** EXTRACTED INFORMATION follows **

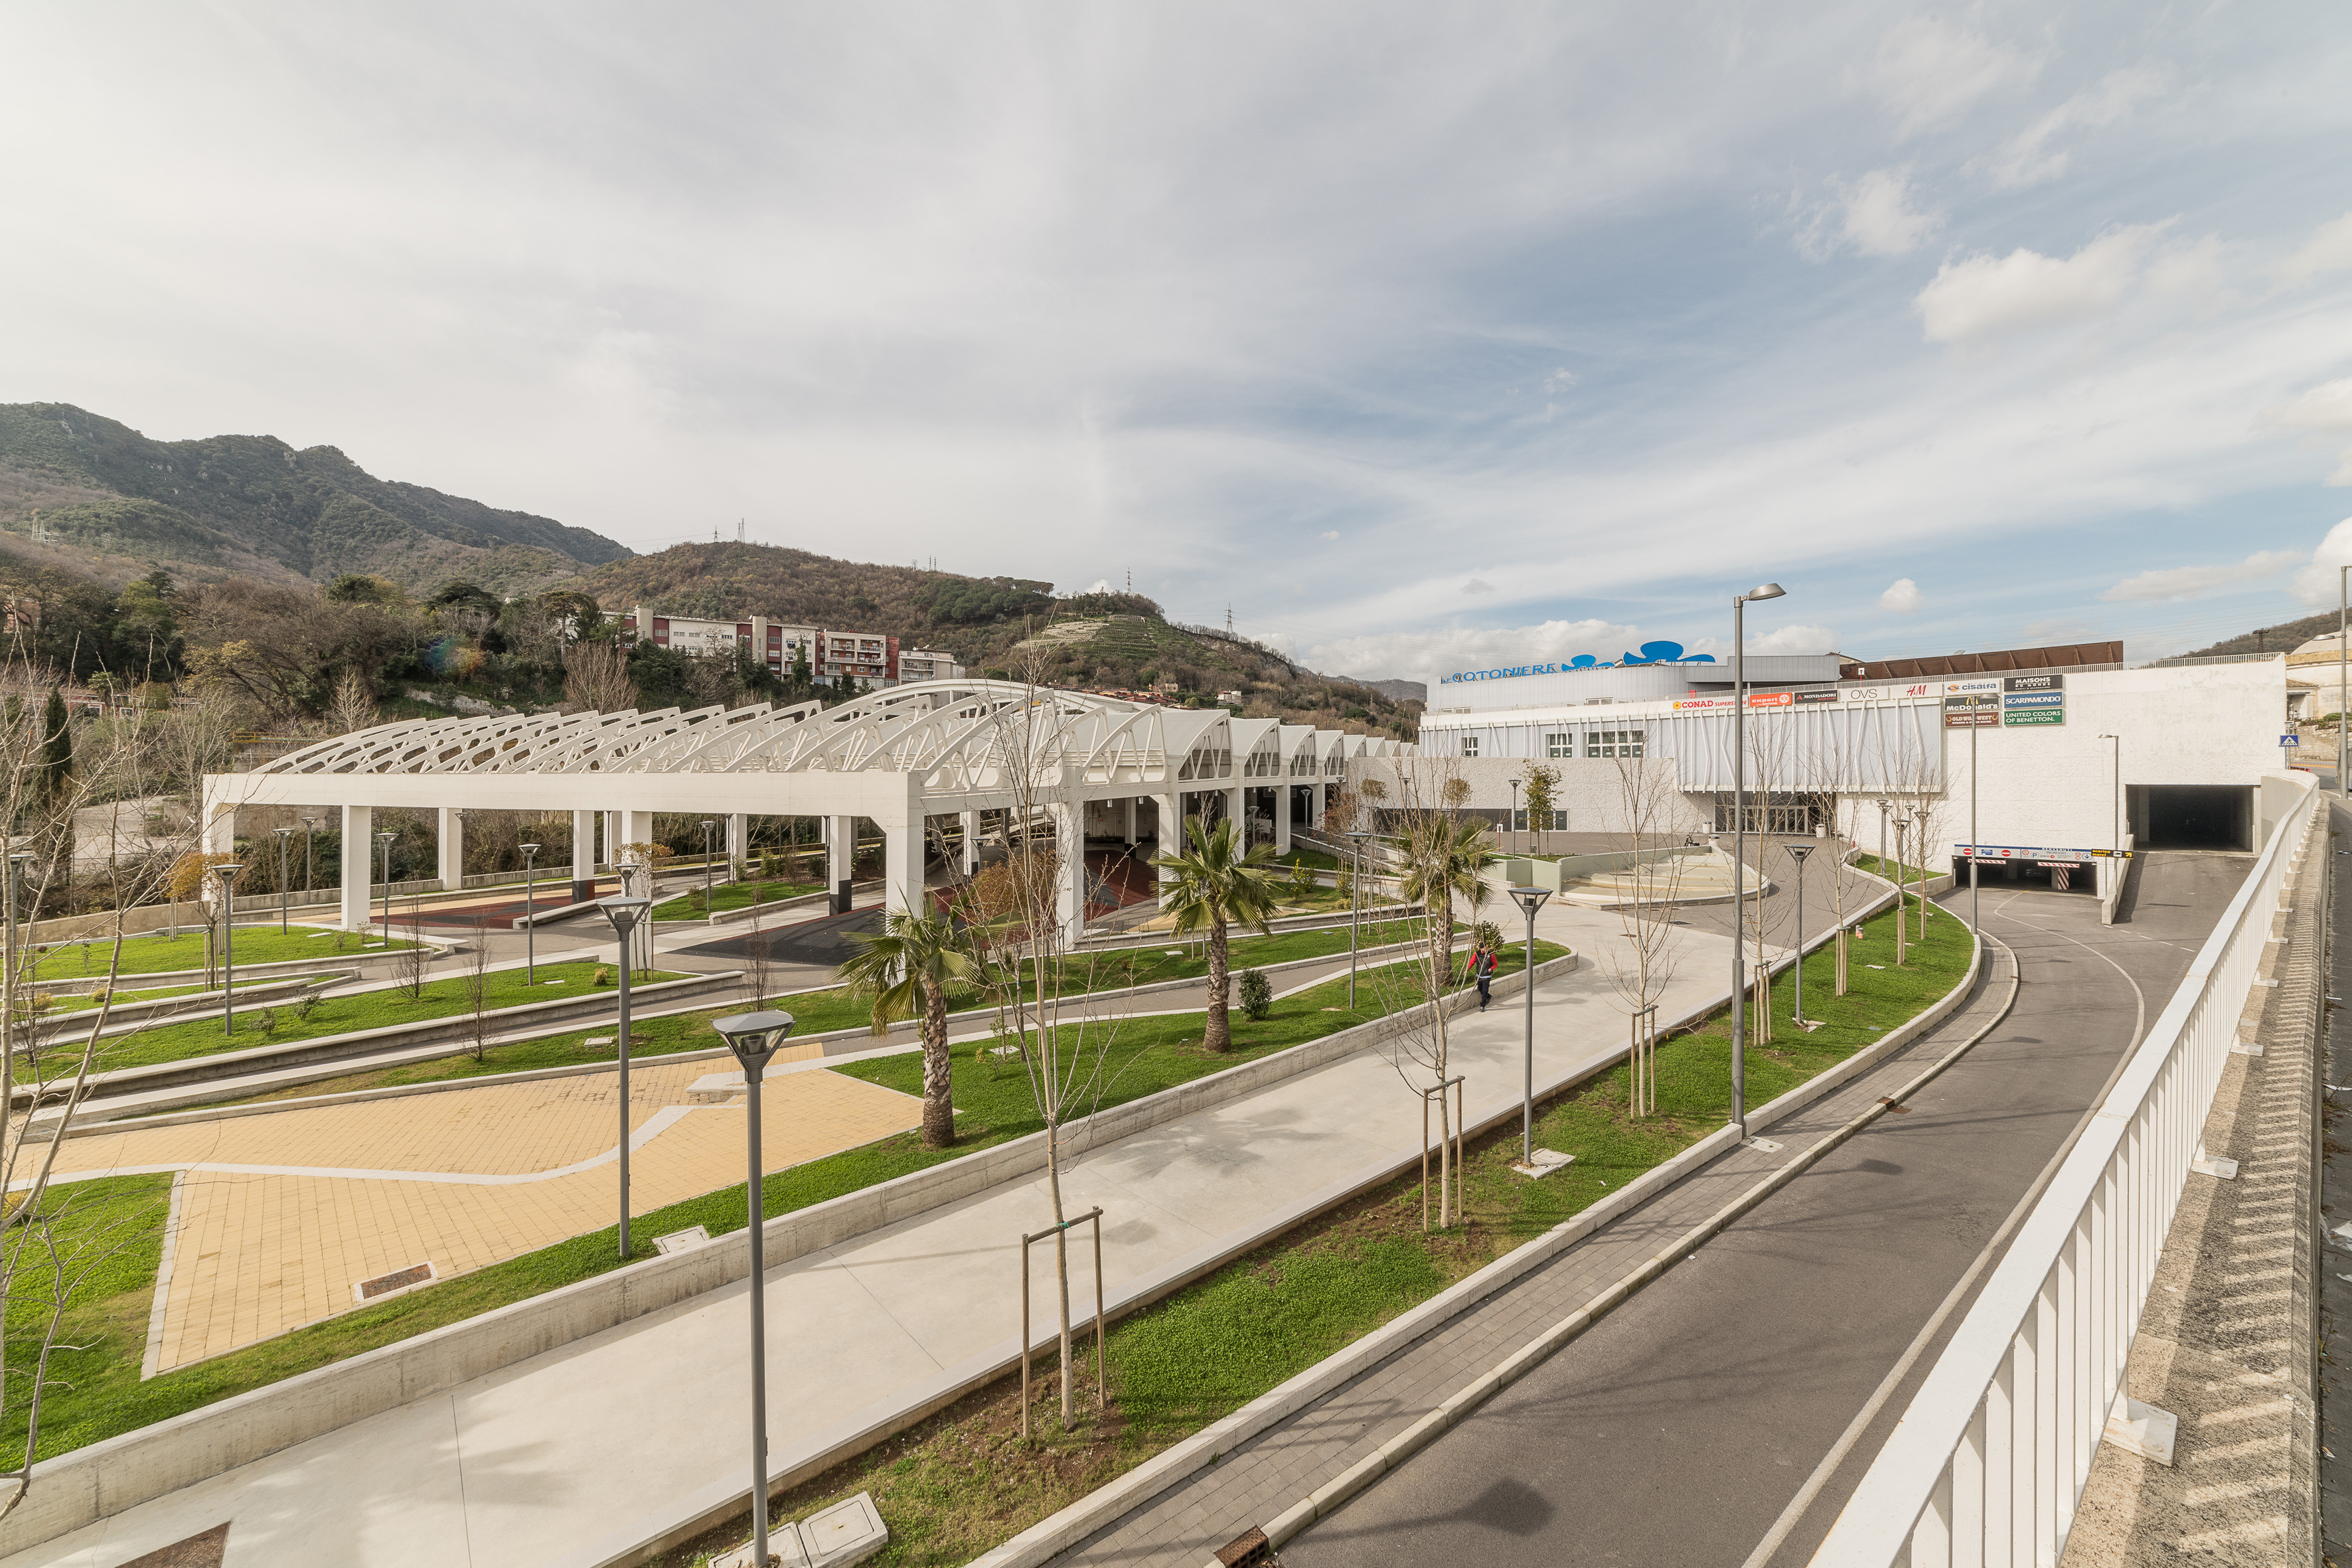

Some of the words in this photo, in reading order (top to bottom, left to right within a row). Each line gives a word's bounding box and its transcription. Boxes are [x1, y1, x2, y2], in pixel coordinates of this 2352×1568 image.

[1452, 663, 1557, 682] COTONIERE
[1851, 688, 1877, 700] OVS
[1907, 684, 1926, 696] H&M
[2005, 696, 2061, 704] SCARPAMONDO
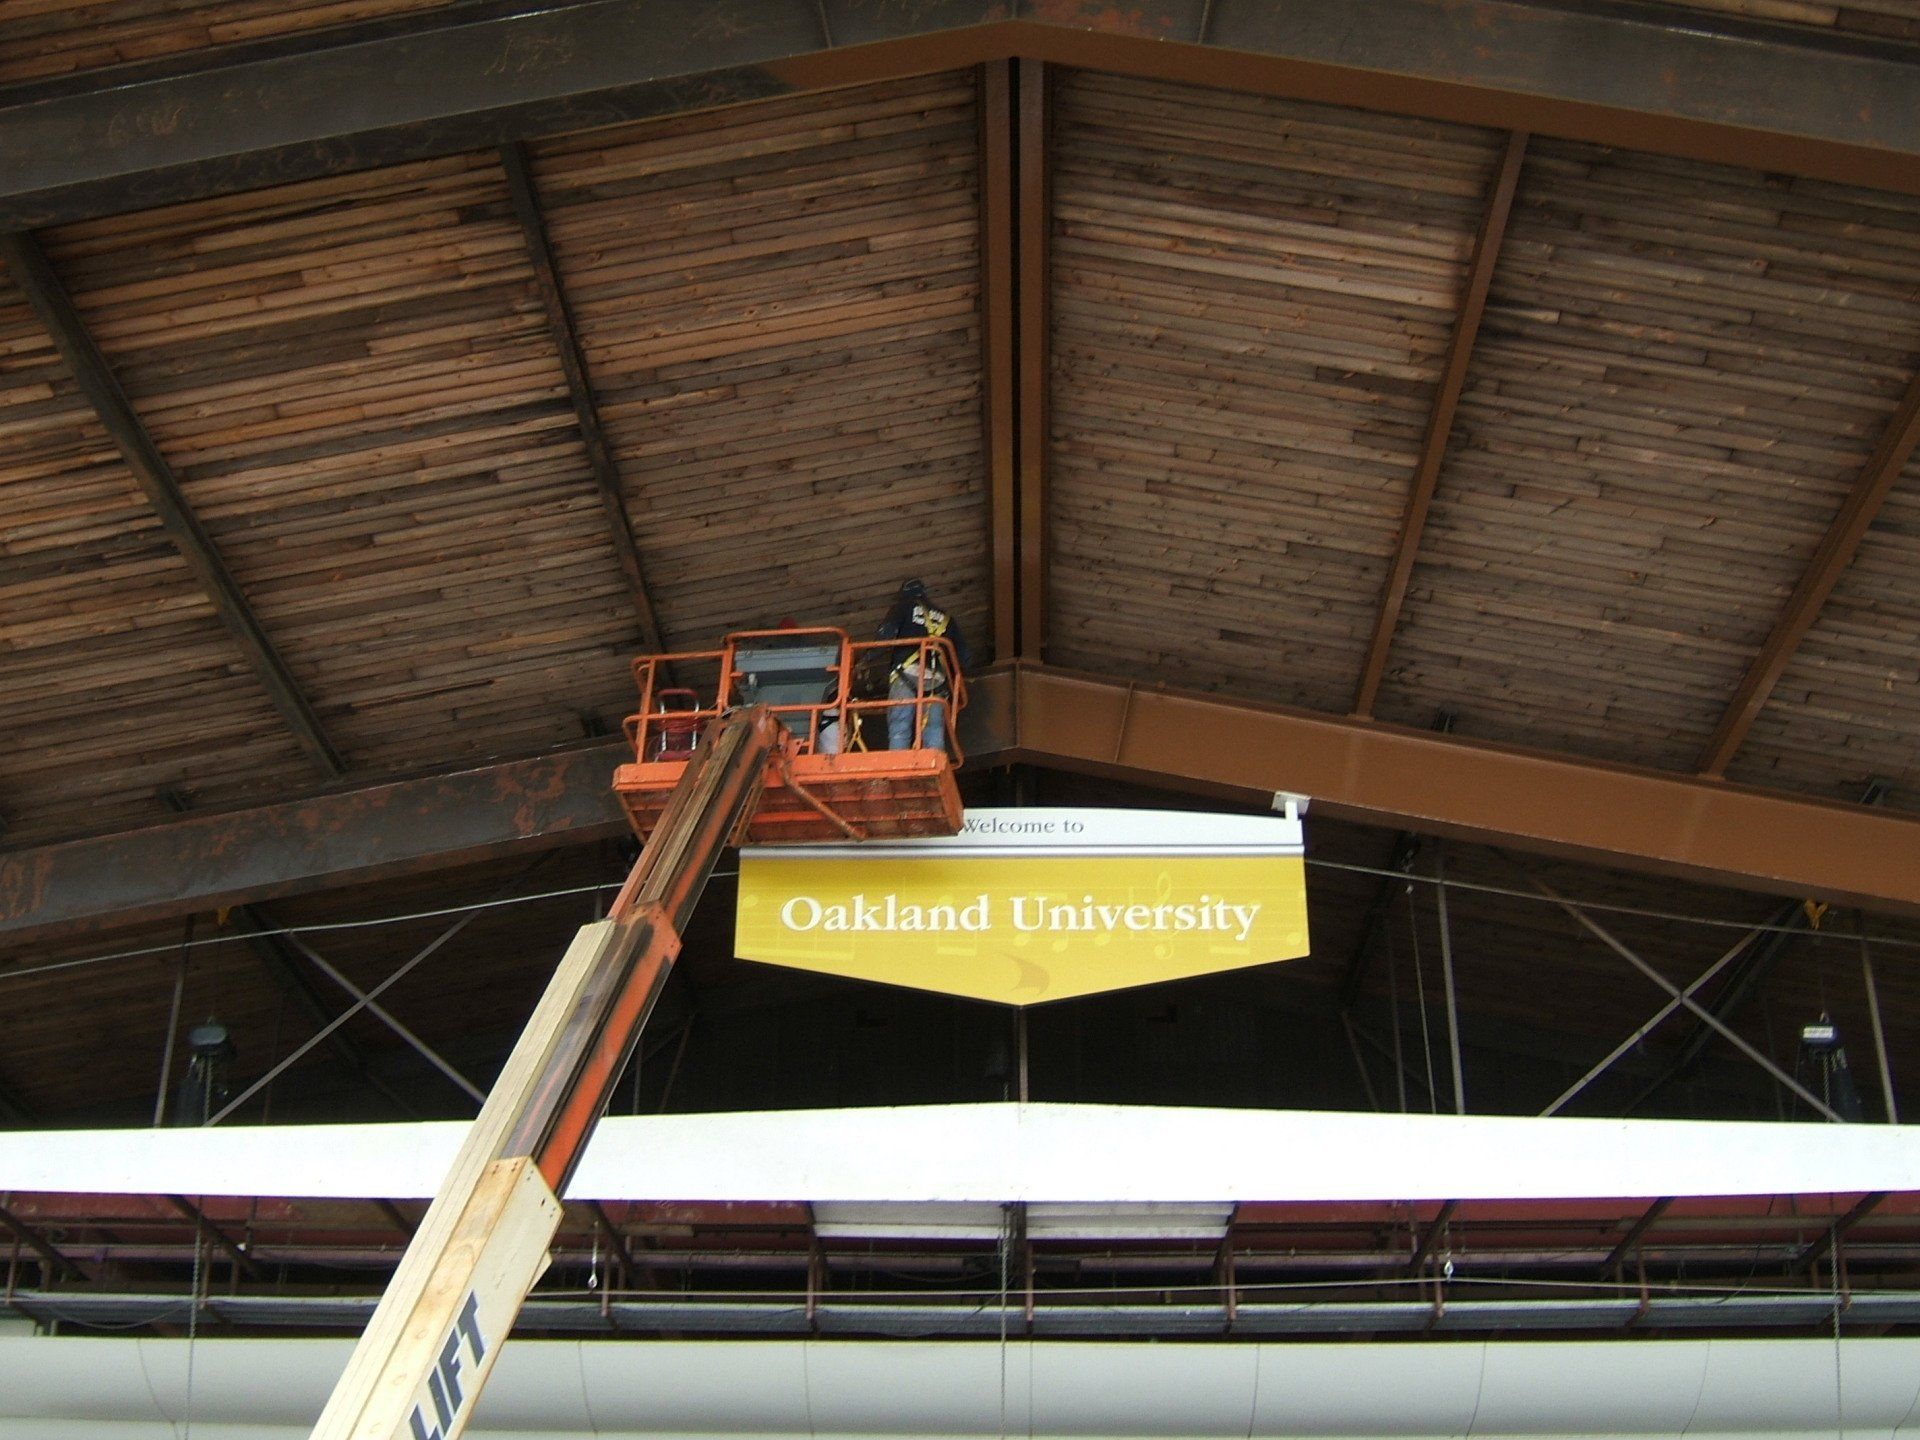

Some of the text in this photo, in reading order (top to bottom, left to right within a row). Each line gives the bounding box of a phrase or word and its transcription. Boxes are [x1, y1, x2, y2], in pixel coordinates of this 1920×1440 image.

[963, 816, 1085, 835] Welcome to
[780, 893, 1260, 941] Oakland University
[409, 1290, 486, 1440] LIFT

** End of EXTRACTED INFORMATION **

### ACTION ITEM
Repeat the data exactly. Pictures should not appear.

### FINISHED TASK
Some of the words in this photo, in reading order (top to bottom, left to right within a row). Each line gives a word's bounding box and its transcription. Boxes are [x1, y1, x2, y2], in pixel coordinates of this 2352×1568 image.

[1452, 663, 1557, 682] COTONIERE
[1851, 688, 1877, 700] OVS
[1907, 684, 1926, 696] H&M
[2005, 696, 2061, 704] SCARPAMONDO

Some of the text in this photo, in reading order (top to bottom, left to right within a row). Each line gives the bounding box of a phrase or word and its transcription. Boxes are [x1, y1, x2, y2], in pixel coordinates of this 1920×1440 image.

[963, 816, 1085, 835] Welcome to
[780, 893, 1260, 941] Oakland University
[409, 1290, 486, 1440] LIFT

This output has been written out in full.